── Exercise input

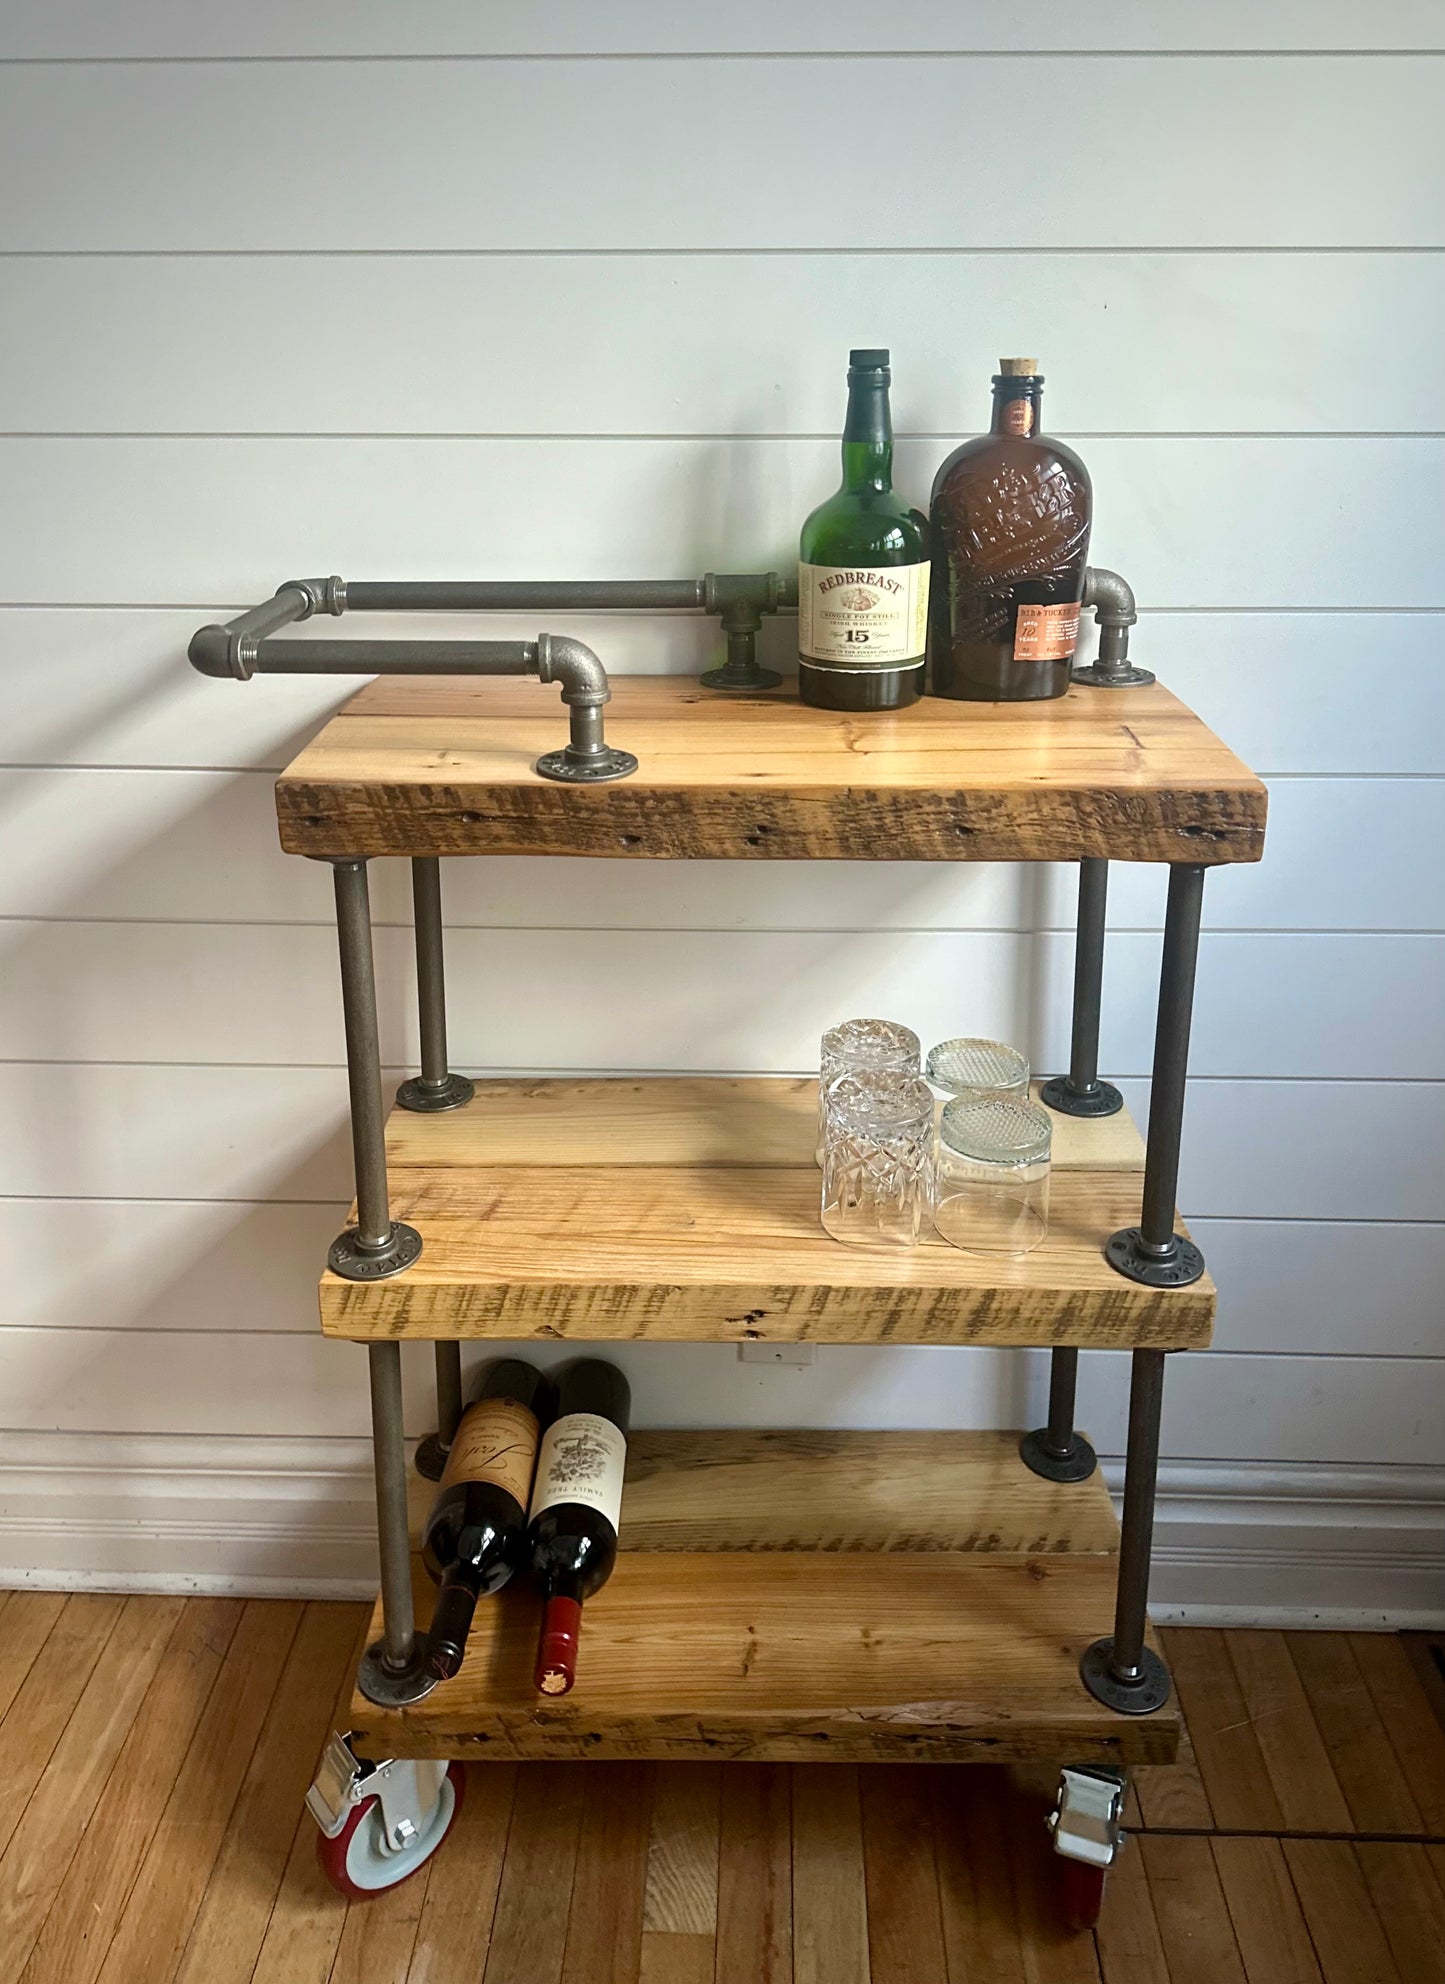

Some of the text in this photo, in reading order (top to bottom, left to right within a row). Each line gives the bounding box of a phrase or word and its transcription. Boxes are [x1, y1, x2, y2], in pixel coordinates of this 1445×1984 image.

[818, 571, 902, 595] REDBREAST
[844, 629, 869, 643] 15
[1022, 627, 1036, 636] 10
[573, 1486, 604, 1497] FAMILY

────

• **What is being asked**:
Make an exact copy of the data, leaving its pictures out.

• **Your solution**:
Some of the text in this photo, in reading order (top to bottom, left to right within a row). Each line gives the bounding box of a phrase or word and its transcription. Boxes are [x1, y1, x2, y2], in pixel coordinates of this 1445×1984 image.

[818, 571, 902, 595] REDBREAST
[844, 629, 869, 643] 15
[1022, 627, 1036, 636] 10
[573, 1486, 604, 1497] FAMILY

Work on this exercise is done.